When Jessikka Aro found out that she was receiving one of the State Department’s International Women of Courage Awards, the Helsinki-based journalist “was just so happy,” she said.
Aro called the recognition “precious … because my work has also cost me so much.”
She has suffered harassment and cyberattacks since she started reporting on Russian propaganda activities in 2014. US embassy officials in Helsinki asked her last October if she would accept a nomination for the award.
She thought it was a done deal in January.
“But then it was taken away,” she said on Sunday’s “Reliable Sources” on CNN.
In the weeks leading up to the March 7 ceremony in Washington, Aro’s award was rescinded.
Foreign Policy magazine, which broke the story about Aro, quoted sources who said she was nixed because she repeatedly criticized President Donald Trump on Twitter.
The yanking of her award “really counters the whole idea of this award,” Aro said. Someone inside the Trump administration, she implied, lacked courage.
Aro said she was grateful for the Foreign Policy story because she had been in the dark about what happened.
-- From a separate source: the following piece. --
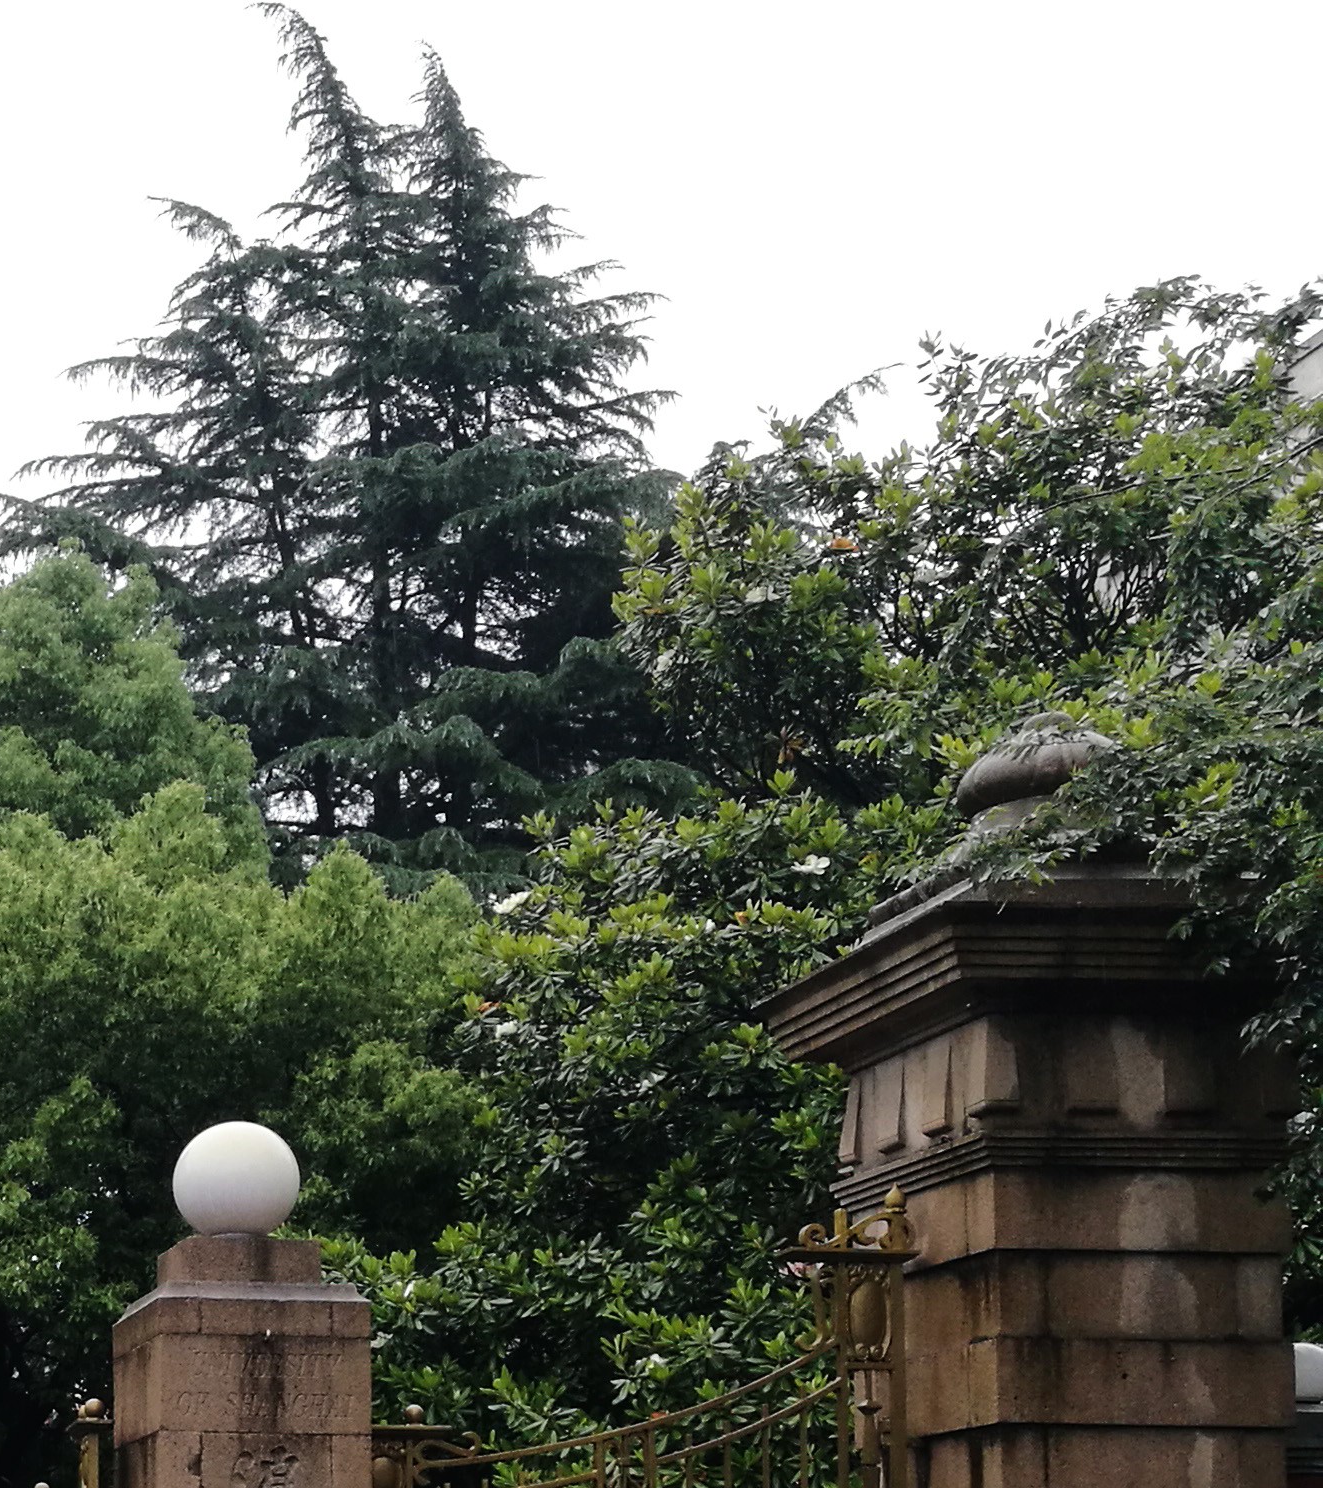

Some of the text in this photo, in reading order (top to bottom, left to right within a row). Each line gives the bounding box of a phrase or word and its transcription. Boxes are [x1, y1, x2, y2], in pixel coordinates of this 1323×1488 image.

[191, 1350, 343, 1379] UNIVERSITY
[177, 1391, 357, 1419] OF SHANGHAI
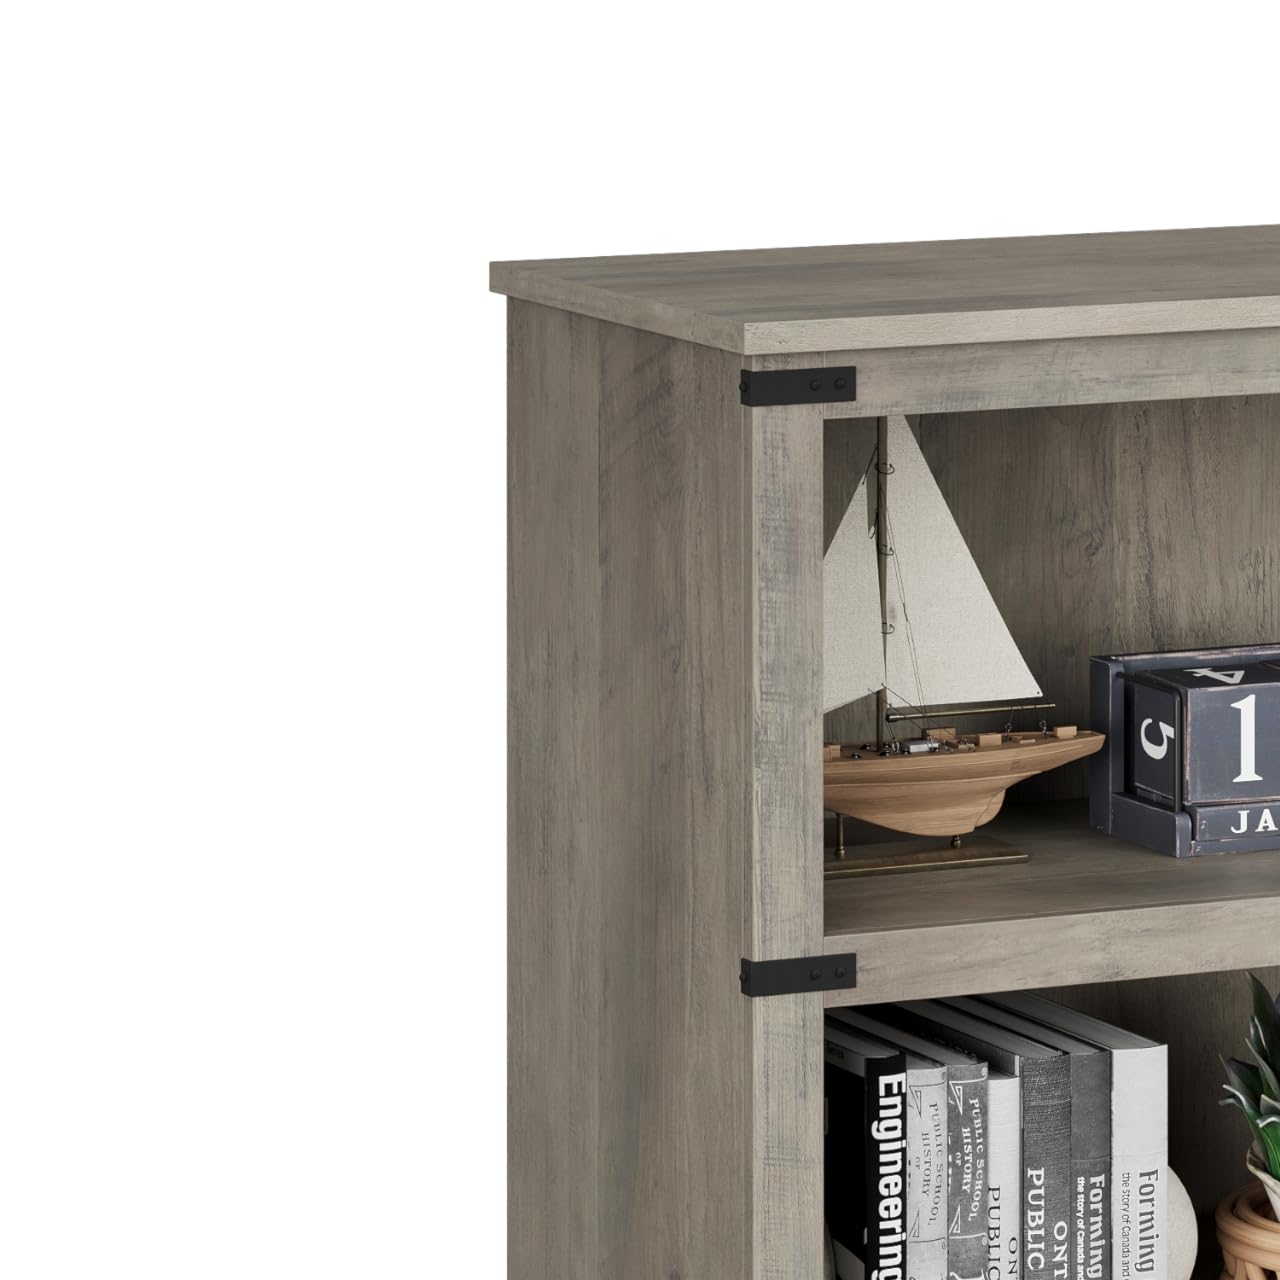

But she was “horrified” that her commentary about Trump was an apparent factor. She went through her past tweets – like a February 17 reply to the president, when he called the media “rigged,” “corrupt” and an “enemy of the people.” She replied to him that day and said “the Kremlin doesn’t need any troll factories as long as it has YOU trolling on behalf of it!”
“I still stand by what I said and what I tweeted,” she said. “I think that President Trump’s attacks against the media are disgraceful, and need to be also discussed on Twitter as well.”
Speaking to a US audience, Aro said, “I am really sorry for you guys over there if that really is the situation, if Trump or his administration have been infected with fear and self-censorship.”
After the Foreign Policy story came out, Democrats on the Senate Foreign Relations Committee obtained a set of emails between Aro and the State Department and called for the agency’s inspector general to investigate the circumstances.
A State Department spokesman originally claimed that Aro was “incorrectly notified” that “she’d been selected as a finalist. This was an error. This was a mistake.”
But the internal emails cast doubt on this version of events. The emails showed months of correspondence about the award and her expected trip to Washington. Things changed after an embassy official asked her to send a list of her “social media handles.”
Aro said the State Department’s original claims were “factually incorrect.” And that’s why she is thankful that senators are looking into the matter.
“I really want to know: Who was the person who really gave the order to cancel my award? And what would he or she like to tell about her motivation in doing so?”
“It doesn’t really look like this process of canceling my award has followed the best practices and transparency policies of the State Department governance,” Aro added.
The State Department inspector general’s office has not commented on the possibility of a probe.
As for the reason why she was going to be recognized in the first place, Aro is now working on a book about so-called Russian troll farms. And she said she will continue training people to better recognize trolling and propaganda warfare efforts.
Aro said westerners still don’t understand “how cynical and massive” the Russian effort really is.
“We are misunderstanding the scale and also the impact of these propaganda operations of the Kremlin,” she said. “Viral disinformation is being used to manipulate and agitate actual people, real people, into hateful actions.”